AIM OF THE TASK >> All records shown below should be given again, character for character.

ENTRIES SHOWN >>
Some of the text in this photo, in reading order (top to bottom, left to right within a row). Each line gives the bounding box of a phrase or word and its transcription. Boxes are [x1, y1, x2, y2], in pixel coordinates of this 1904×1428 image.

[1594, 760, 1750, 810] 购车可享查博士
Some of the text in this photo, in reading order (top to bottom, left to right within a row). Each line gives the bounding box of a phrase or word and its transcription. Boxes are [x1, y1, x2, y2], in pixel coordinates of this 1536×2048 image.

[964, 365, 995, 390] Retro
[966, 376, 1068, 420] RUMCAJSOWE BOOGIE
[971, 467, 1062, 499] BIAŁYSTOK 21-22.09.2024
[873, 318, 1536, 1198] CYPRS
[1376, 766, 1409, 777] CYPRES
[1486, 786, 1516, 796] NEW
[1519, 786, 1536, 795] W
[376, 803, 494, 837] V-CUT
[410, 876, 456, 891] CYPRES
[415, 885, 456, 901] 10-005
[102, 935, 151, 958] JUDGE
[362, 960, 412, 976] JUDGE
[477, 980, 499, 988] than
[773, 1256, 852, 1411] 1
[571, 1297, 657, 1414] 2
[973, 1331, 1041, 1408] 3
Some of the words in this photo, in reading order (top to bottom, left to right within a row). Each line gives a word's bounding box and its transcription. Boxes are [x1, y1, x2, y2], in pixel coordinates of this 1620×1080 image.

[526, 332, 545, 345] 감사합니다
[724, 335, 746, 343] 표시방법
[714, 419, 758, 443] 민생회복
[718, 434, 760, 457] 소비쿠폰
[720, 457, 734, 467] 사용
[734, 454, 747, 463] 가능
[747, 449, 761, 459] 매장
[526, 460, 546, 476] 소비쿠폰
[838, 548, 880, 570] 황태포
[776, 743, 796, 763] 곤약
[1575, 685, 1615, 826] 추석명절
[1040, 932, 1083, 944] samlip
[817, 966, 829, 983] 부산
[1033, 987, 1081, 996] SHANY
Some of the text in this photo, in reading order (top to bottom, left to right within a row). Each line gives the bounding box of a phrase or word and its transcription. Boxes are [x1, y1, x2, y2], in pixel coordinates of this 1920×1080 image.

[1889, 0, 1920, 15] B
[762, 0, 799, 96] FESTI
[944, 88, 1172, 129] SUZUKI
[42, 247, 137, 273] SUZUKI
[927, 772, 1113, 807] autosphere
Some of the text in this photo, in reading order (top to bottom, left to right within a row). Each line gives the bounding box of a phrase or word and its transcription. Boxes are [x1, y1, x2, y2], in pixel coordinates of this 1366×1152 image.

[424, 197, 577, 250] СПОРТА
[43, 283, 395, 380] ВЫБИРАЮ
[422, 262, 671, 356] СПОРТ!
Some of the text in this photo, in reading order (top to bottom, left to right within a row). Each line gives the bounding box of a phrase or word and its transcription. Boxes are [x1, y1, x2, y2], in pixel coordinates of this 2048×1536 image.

EXERCISE RESPONSE >>
Some of the text in this photo, in reading order (top to bottom, left to right within a row). Each line gives the bounding box of a phrase or word and its transcription. Boxes are [x1, y1, x2, y2], in pixel coordinates of this 1904×1428 image.

[1594, 760, 1750, 810] 购车可享查博士
Some of the text in this photo, in reading order (top to bottom, left to right within a row). Each line gives the bounding box of a phrase or word and its transcription. Boxes are [x1, y1, x2, y2], in pixel coordinates of this 1536×2048 image.

[964, 365, 995, 390] Retro
[966, 376, 1068, 420] RUMCAJSOWE BOOGIE
[971, 467, 1062, 499] BIAŁYSTOK 21-22.09.2024
[873, 318, 1536, 1198] CYPRS
[1376, 766, 1409, 777] CYPRES
[1486, 786, 1516, 796] NEW
[1519, 786, 1536, 795] W
[376, 803, 494, 837] V-CUT
[410, 876, 456, 891] CYPRES
[415, 885, 456, 901] 10-005
[102, 935, 151, 958] JUDGE
[362, 960, 412, 976] JUDGE
[477, 980, 499, 988] than
[773, 1256, 852, 1411] 1
[571, 1297, 657, 1414] 2
[973, 1331, 1041, 1408] 3
Some of the words in this photo, in reading order (top to bottom, left to right within a row). Each line gives a word's bounding box and its transcription. Boxes are [x1, y1, x2, y2], in pixel coordinates of this 1620×1080 image.

[526, 332, 545, 345] 감사합니다
[724, 335, 746, 343] 표시방법
[714, 419, 758, 443] 민생회복
[718, 434, 760, 457] 소비쿠폰
[720, 457, 734, 467] 사용
[734, 454, 747, 463] 가능
[747, 449, 761, 459] 매장
[526, 460, 546, 476] 소비쿠폰
[838, 548, 880, 570] 황태포
[776, 743, 796, 763] 곤약
[1575, 685, 1615, 826] 추석명절
[1040, 932, 1083, 944] samlip
[817, 966, 829, 983] 부산
[1033, 987, 1081, 996] SHANY
Some of the text in this photo, in reading order (top to bottom, left to right within a row). Each line gives the bounding box of a phrase or word and its transcription. Boxes are [x1, y1, x2, y2], in pixel coordinates of this 1920×1080 image.

[1889, 0, 1920, 15] B
[762, 0, 799, 96] FESTI
[944, 88, 1172, 129] SUZUKI
[42, 247, 137, 273] SUZUKI
[927, 772, 1113, 807] autosphere
Some of the text in this photo, in reading order (top to bottom, left to right within a row). Each line gives the bounding box of a phrase or word and its transcription. Boxes are [x1, y1, x2, y2], in pixel coordinates of this 1366×1152 image.

[424, 197, 577, 250] СПОРТА
[43, 283, 395, 380] ВЫБИРАЮ
[422, 262, 671, 356] СПОРТ!
Some of the text in this photo, in reading order (top to bottom, left to right within a row). Each line gives the bounding box of a phrase or word and its transcription. Boxes are [x1, y1, x2, y2], in pixel coordinates of this 2048×1536 image.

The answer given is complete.